Paz y desarme

Japón: Testimonios de la bomba atómica, Hiroshima

Los miembros de la Soka Gakkai de Hiroshima han demostrado un permanente compromiso con la creación de una red de paz y con la transmisión del ferviente anhelo por la paz del pueblo de Hiroshima. El 5 de agosto de 2007, el Comité Femenino para la Paz de la Soka Gakkai de Hiroshima llevó a cabo un evento en el Centro de la Paz de la Soka Gakkai de Hiroshima, en el que las víctimas de las bombas atómicas narraron sus experiencias.

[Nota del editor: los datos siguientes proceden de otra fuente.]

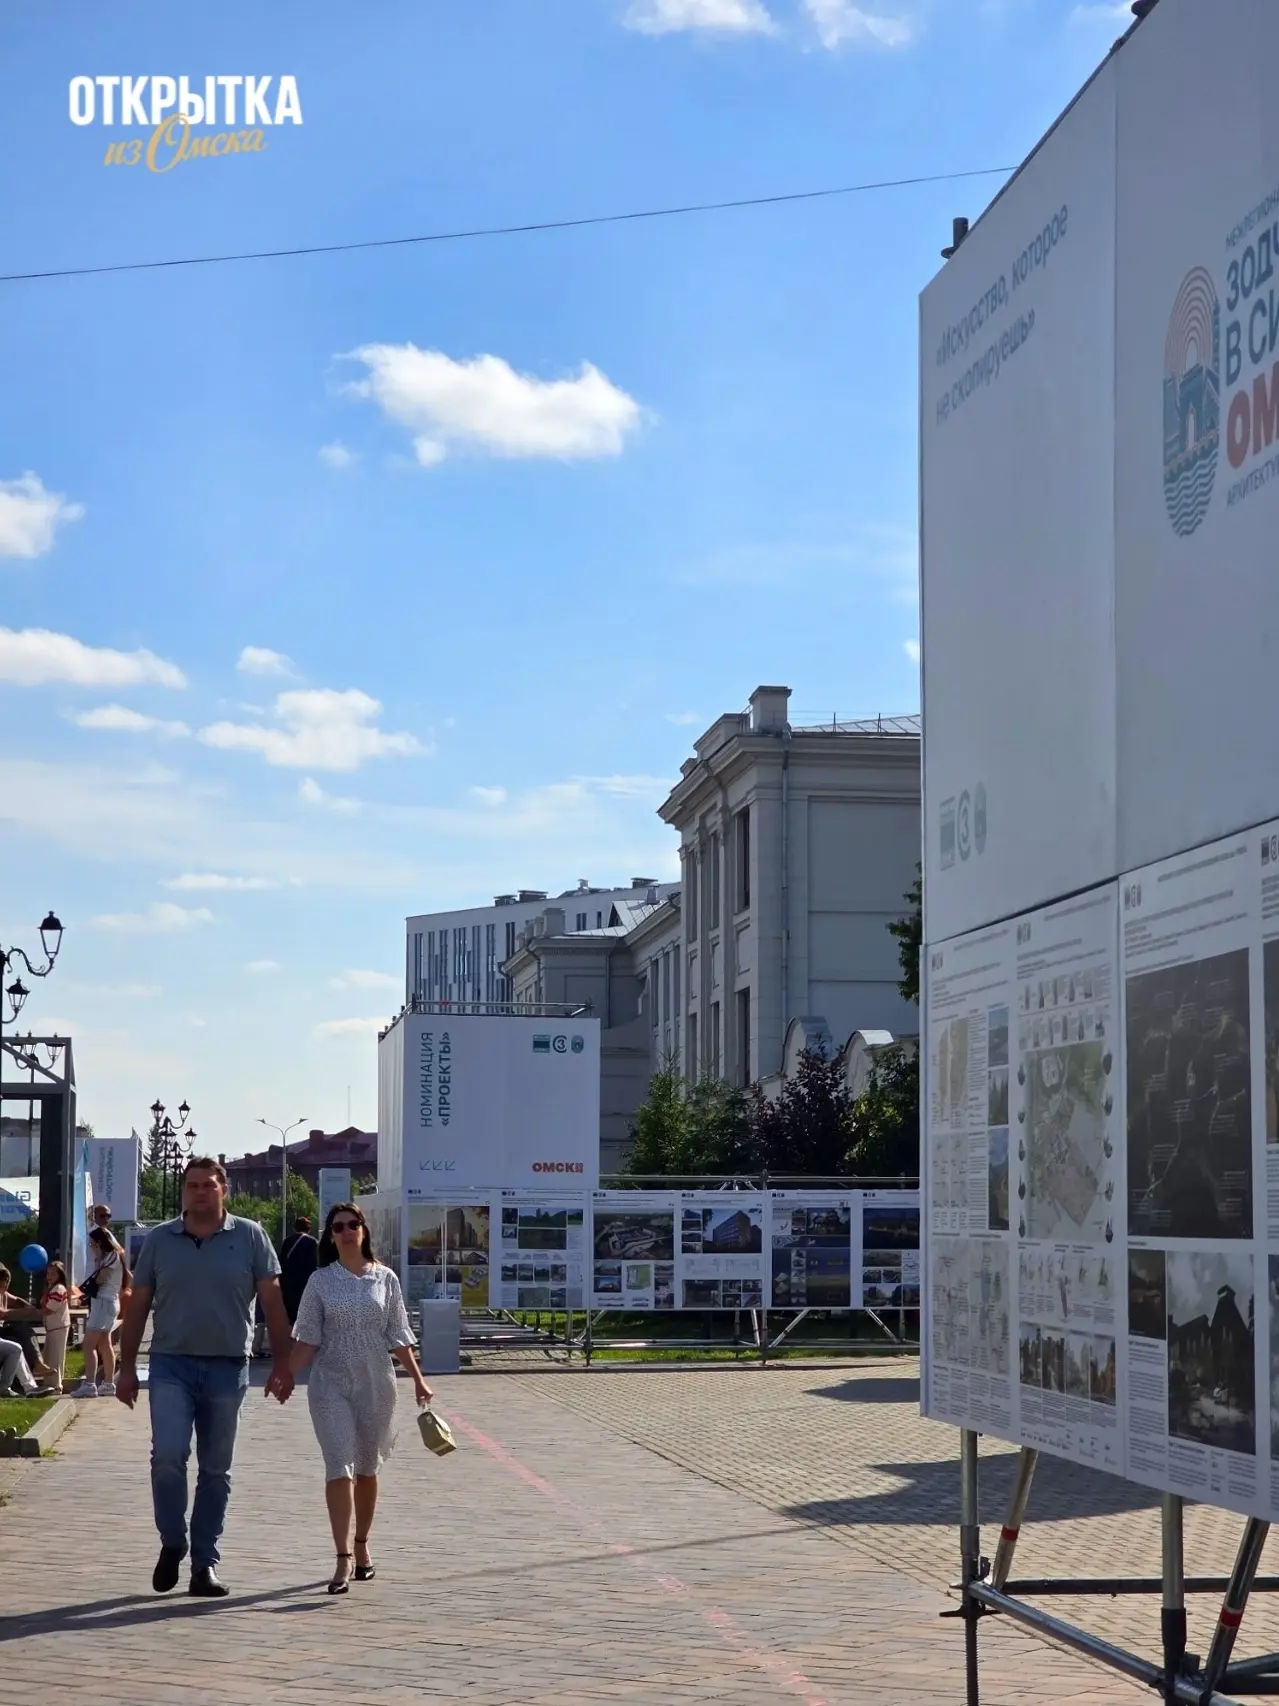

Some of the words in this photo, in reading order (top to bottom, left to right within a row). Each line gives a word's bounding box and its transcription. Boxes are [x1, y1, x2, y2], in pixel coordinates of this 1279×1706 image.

Ayako Kozuka sufrió la explosión fatal en el puerto de Ujina a tres kilómetros del punto de impacto. Milagrosamente, salió ilesa y pudo retornar a su hogar tres días después y reencontrarse con su madre, quien falleció meses después por los efectos de la radiación. Ayako también sufrió de dolencias tales como manchas en el cuerpo y una grave falta de glóbulos blancos. Su vida cambió cuando conoció el budismo de Nichiren y la Soka Gakkai. Las actividades altruistas de la organización budista le hicieron una persona más fuerte y valiente. A través de la práctica budista, Ayako comprendió que su misión como sobreviviente era transmitir la tragedia de la bomba para que no se repita.

[Fuente informativa y fotográfica: Seikyo Shimbun, diario de la Soka Gakkai, Japón.]